◆ **Problem description**:
A picture-free, exact transcript of the entries below is required.

+++ Given information

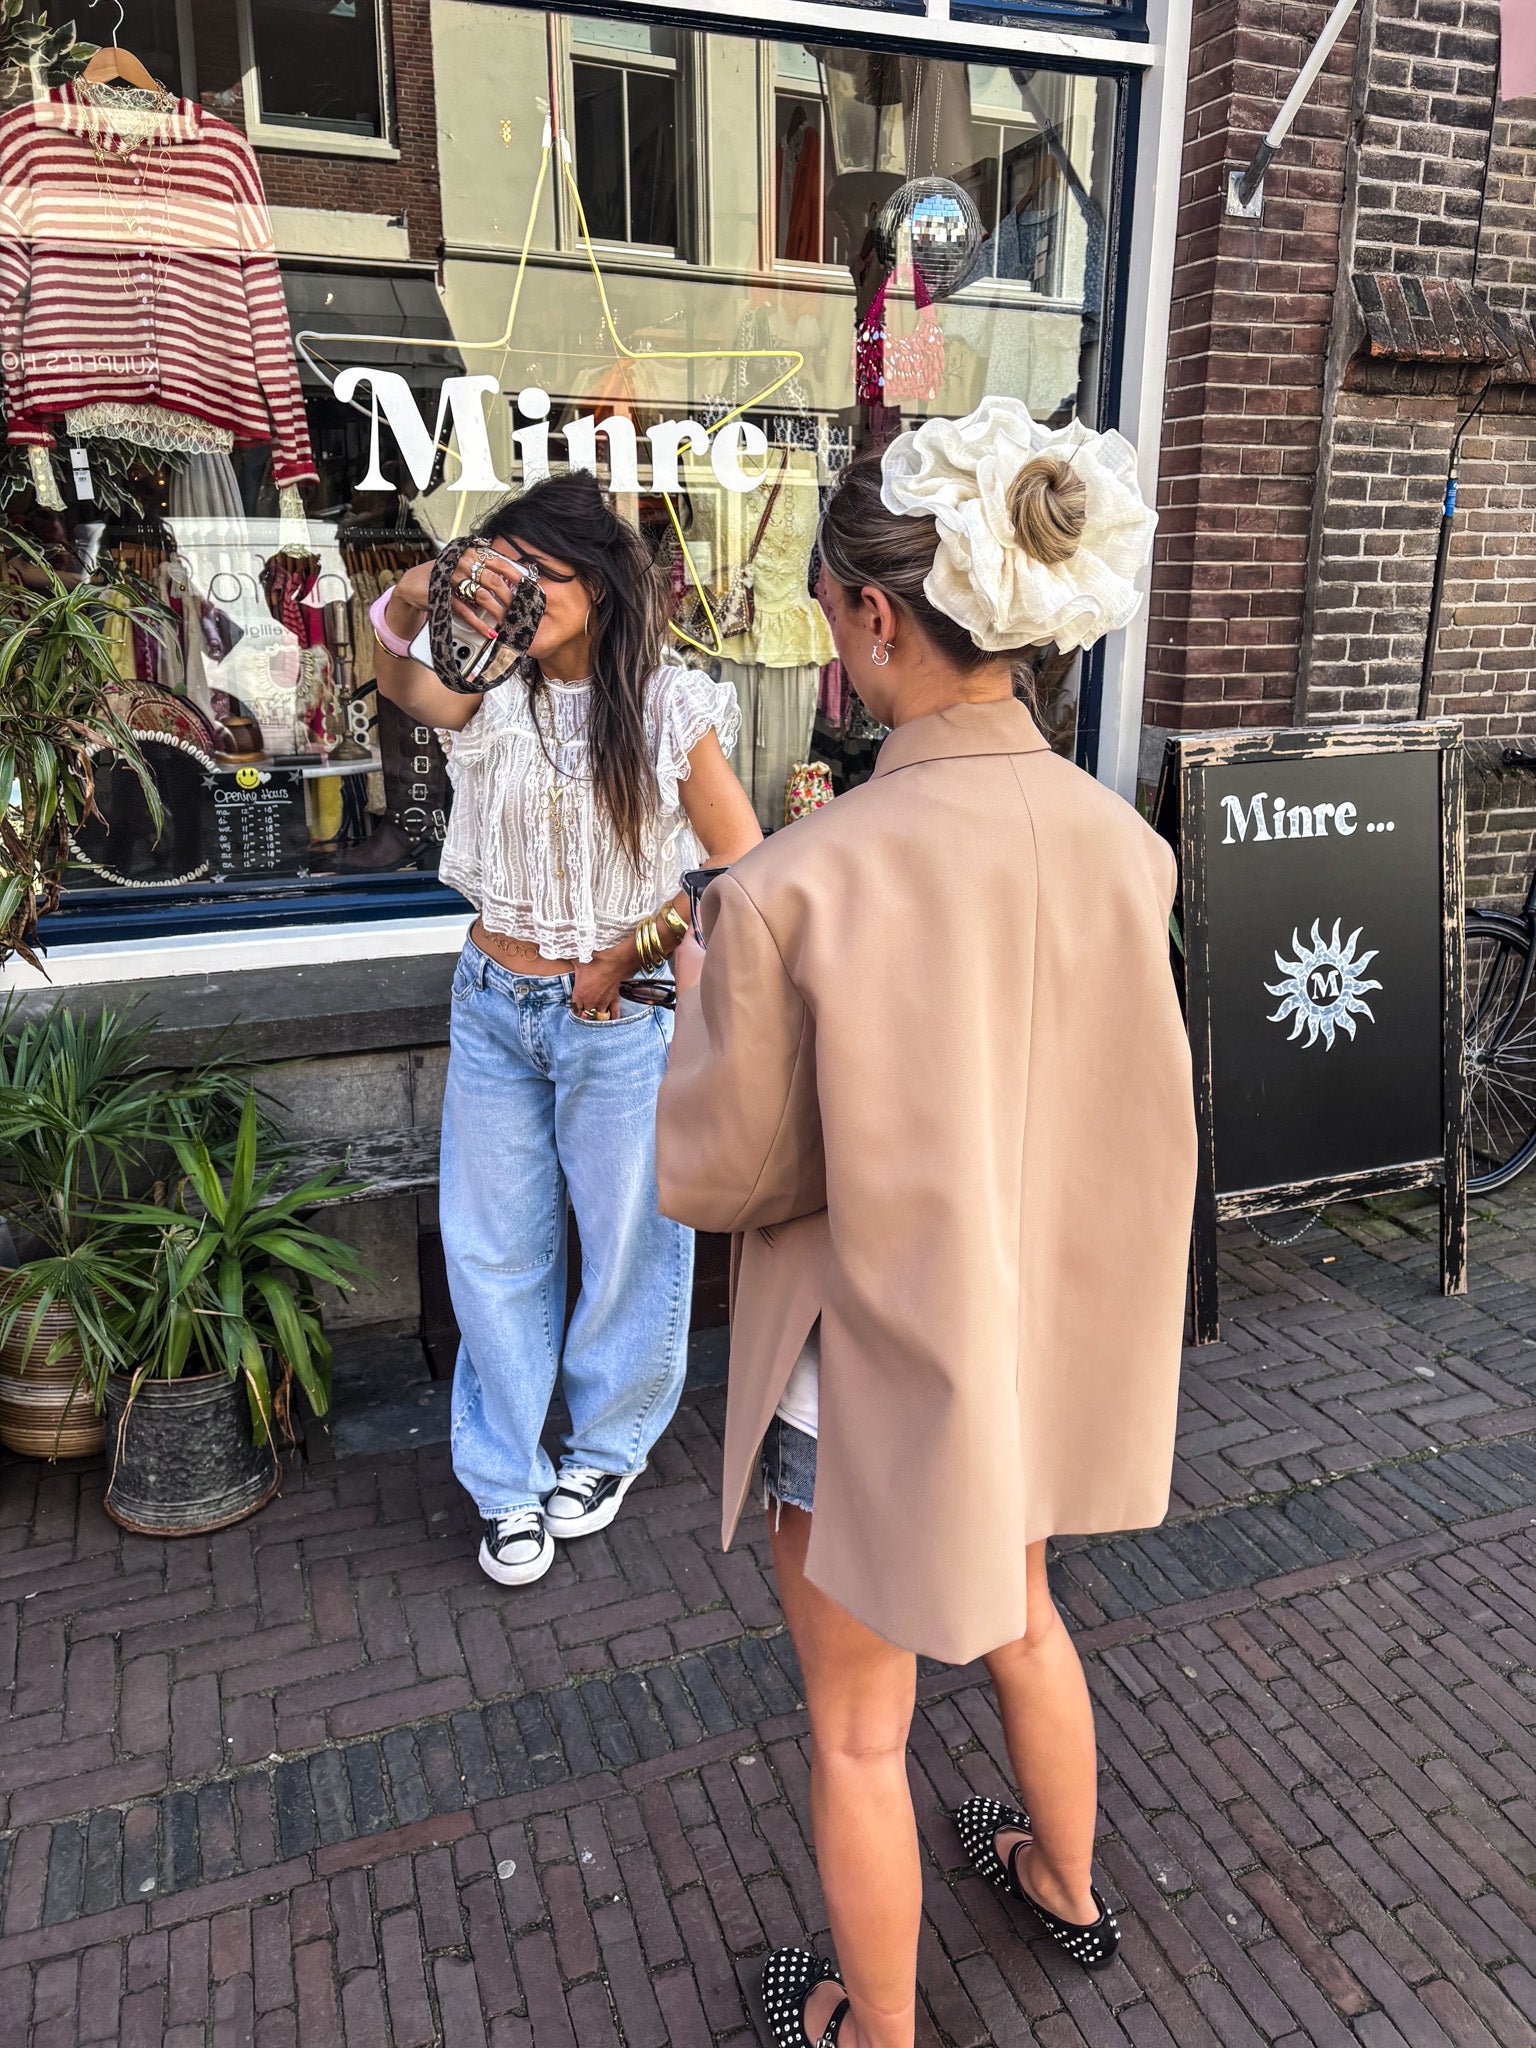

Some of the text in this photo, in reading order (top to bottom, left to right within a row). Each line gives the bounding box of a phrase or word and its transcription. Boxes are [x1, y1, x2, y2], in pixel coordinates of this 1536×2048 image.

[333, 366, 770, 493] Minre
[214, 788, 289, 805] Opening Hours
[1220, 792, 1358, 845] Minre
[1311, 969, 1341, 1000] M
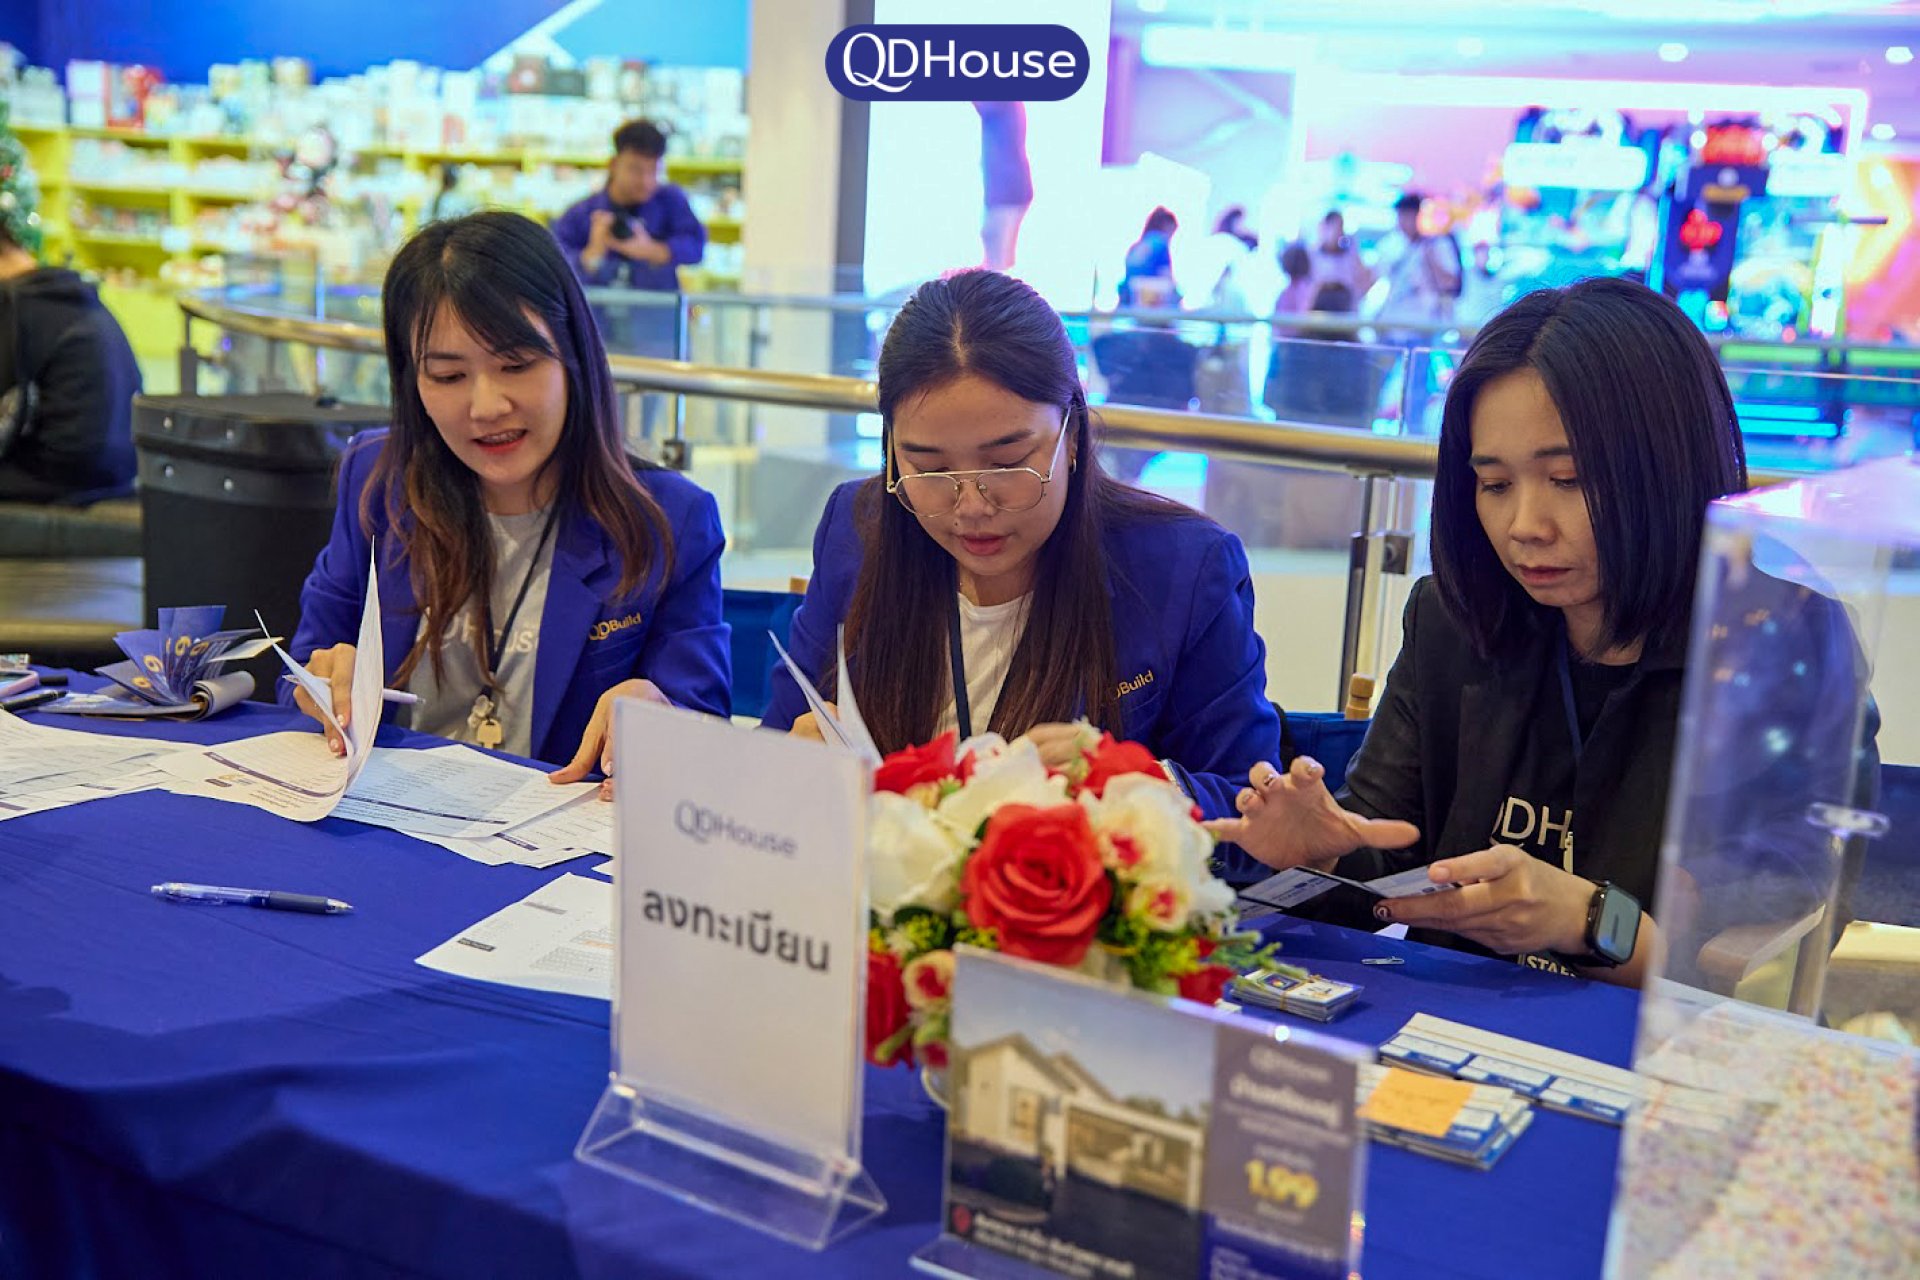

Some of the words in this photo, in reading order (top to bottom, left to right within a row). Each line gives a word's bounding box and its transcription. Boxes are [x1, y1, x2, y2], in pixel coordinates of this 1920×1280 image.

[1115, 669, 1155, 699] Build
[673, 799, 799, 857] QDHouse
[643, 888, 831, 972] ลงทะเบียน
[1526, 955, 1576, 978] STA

++++++

◆ **Response for this exercise**:
Some of the text in this photo, in reading order (top to bottom, left to right within a row). Each line gives the bounding box of a phrase or word and its transcription. Boxes are [x1, y1, x2, y2], in pixel coordinates of this 1536×2048 image.

[333, 366, 770, 493] Minre
[214, 788, 289, 805] Opening Hours
[1220, 792, 1358, 845] Minre
[1311, 969, 1341, 1000] M

Some of the words in this photo, in reading order (top to bottom, left to right within a row). Each line gives a word's bounding box and its transcription. Boxes are [x1, y1, x2, y2], in pixel coordinates of this 1920×1280 image.

[1115, 669, 1155, 699] Build
[673, 799, 799, 857] QDHouse
[643, 888, 831, 972] ลงทะเบียน
[1526, 955, 1576, 978] STA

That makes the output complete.